• What the task requires
Extract the listing below in full, unchanged.

• Extracted data

--------

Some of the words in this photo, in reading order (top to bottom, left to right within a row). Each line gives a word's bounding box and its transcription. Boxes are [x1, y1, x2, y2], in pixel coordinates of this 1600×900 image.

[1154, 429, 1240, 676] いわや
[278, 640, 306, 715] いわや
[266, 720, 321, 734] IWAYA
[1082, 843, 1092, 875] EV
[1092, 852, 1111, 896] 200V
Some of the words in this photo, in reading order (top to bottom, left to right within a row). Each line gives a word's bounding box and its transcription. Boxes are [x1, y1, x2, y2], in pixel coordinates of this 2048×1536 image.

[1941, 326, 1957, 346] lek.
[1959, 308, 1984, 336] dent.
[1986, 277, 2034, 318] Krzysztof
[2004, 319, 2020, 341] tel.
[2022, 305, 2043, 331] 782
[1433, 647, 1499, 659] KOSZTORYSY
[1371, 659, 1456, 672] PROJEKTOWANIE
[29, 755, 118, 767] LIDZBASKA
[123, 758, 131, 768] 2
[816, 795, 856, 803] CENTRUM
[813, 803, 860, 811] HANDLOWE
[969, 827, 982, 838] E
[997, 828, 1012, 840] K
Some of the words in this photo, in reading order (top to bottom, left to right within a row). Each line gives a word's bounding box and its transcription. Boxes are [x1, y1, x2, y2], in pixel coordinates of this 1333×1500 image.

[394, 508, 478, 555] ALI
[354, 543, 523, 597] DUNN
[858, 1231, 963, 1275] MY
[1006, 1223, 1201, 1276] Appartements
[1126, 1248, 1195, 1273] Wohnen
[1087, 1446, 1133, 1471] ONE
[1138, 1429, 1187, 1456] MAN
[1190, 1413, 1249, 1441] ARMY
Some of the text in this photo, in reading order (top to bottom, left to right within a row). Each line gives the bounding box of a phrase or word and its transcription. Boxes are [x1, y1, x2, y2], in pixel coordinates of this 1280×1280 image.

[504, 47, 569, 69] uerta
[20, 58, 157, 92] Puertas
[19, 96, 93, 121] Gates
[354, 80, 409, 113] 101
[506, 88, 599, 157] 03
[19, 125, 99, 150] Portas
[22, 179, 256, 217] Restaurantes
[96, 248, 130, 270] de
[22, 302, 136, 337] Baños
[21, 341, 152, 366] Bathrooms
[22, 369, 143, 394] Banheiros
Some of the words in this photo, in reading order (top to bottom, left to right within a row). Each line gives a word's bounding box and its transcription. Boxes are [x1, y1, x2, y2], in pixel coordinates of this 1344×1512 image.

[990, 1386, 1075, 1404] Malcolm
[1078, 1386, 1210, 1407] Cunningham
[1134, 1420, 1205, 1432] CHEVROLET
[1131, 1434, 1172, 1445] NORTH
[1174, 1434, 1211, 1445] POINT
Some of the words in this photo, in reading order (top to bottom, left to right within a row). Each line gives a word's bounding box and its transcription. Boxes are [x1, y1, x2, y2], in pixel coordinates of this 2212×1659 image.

--------

• Result below
Some of the words in this photo, in reading order (top to bottom, left to right within a row). Each line gives a word's bounding box and its transcription. Boxes are [x1, y1, x2, y2], in pixel coordinates of this 1600×900 image.

[1154, 429, 1240, 676] いわや
[278, 640, 306, 715] いわや
[266, 720, 321, 734] IWAYA
[1082, 843, 1092, 875] EV
[1092, 852, 1111, 896] 200V
Some of the words in this photo, in reading order (top to bottom, left to right within a row). Each line gives a word's bounding box and its transcription. Boxes are [x1, y1, x2, y2], in pixel coordinates of this 2048×1536 image.

[1941, 326, 1957, 346] lek.
[1959, 308, 1984, 336] dent.
[1986, 277, 2034, 318] Krzysztof
[2004, 319, 2020, 341] tel.
[2022, 305, 2043, 331] 782
[1433, 647, 1499, 659] KOSZTORYSY
[1371, 659, 1456, 672] PROJEKTOWANIE
[29, 755, 118, 767] LIDZBASKA
[123, 758, 131, 768] 2
[816, 795, 856, 803] CENTRUM
[813, 803, 860, 811] HANDLOWE
[969, 827, 982, 838] E
[997, 828, 1012, 840] K
Some of the words in this photo, in reading order (top to bottom, left to right within a row). Each line gives a word's bounding box and its transcription. Boxes are [x1, y1, x2, y2], in pixel coordinates of this 1333×1500 image.

[394, 508, 478, 555] ALI
[354, 543, 523, 597] DUNN
[858, 1231, 963, 1275] MY
[1006, 1223, 1201, 1276] Appartements
[1126, 1248, 1195, 1273] Wohnen
[1087, 1446, 1133, 1471] ONE
[1138, 1429, 1187, 1456] MAN
[1190, 1413, 1249, 1441] ARMY
Some of the text in this photo, in reading order (top to bottom, left to right within a row). Each line gives the bounding box of a phrase or word and its transcription. Boxes are [x1, y1, x2, y2], in pixel coordinates of this 1280×1280 image.

[504, 47, 569, 69] uerta
[20, 58, 157, 92] Puertas
[19, 96, 93, 121] Gates
[354, 80, 409, 113] 101
[506, 88, 599, 157] 03
[19, 125, 99, 150] Portas
[22, 179, 256, 217] Restaurantes
[96, 248, 130, 270] de
[22, 302, 136, 337] Baños
[21, 341, 152, 366] Bathrooms
[22, 369, 143, 394] Banheiros
Some of the words in this photo, in reading order (top to bottom, left to right within a row). Each line gives a word's bounding box and its transcription. Boxes are [x1, y1, x2, y2], in pixel coordinates of this 1344×1512 image.

[990, 1386, 1075, 1404] Malcolm
[1078, 1386, 1210, 1407] Cunningham
[1134, 1420, 1205, 1432] CHEVROLET
[1131, 1434, 1172, 1445] NORTH
[1174, 1434, 1211, 1445] POINT
Some of the words in this photo, in reading order (top to bottom, left to right within a row). Each line gives a word's bounding box and its transcription. Boxes are [x1, y1, x2, y2], in pixel coordinates of this 2212×1659 image.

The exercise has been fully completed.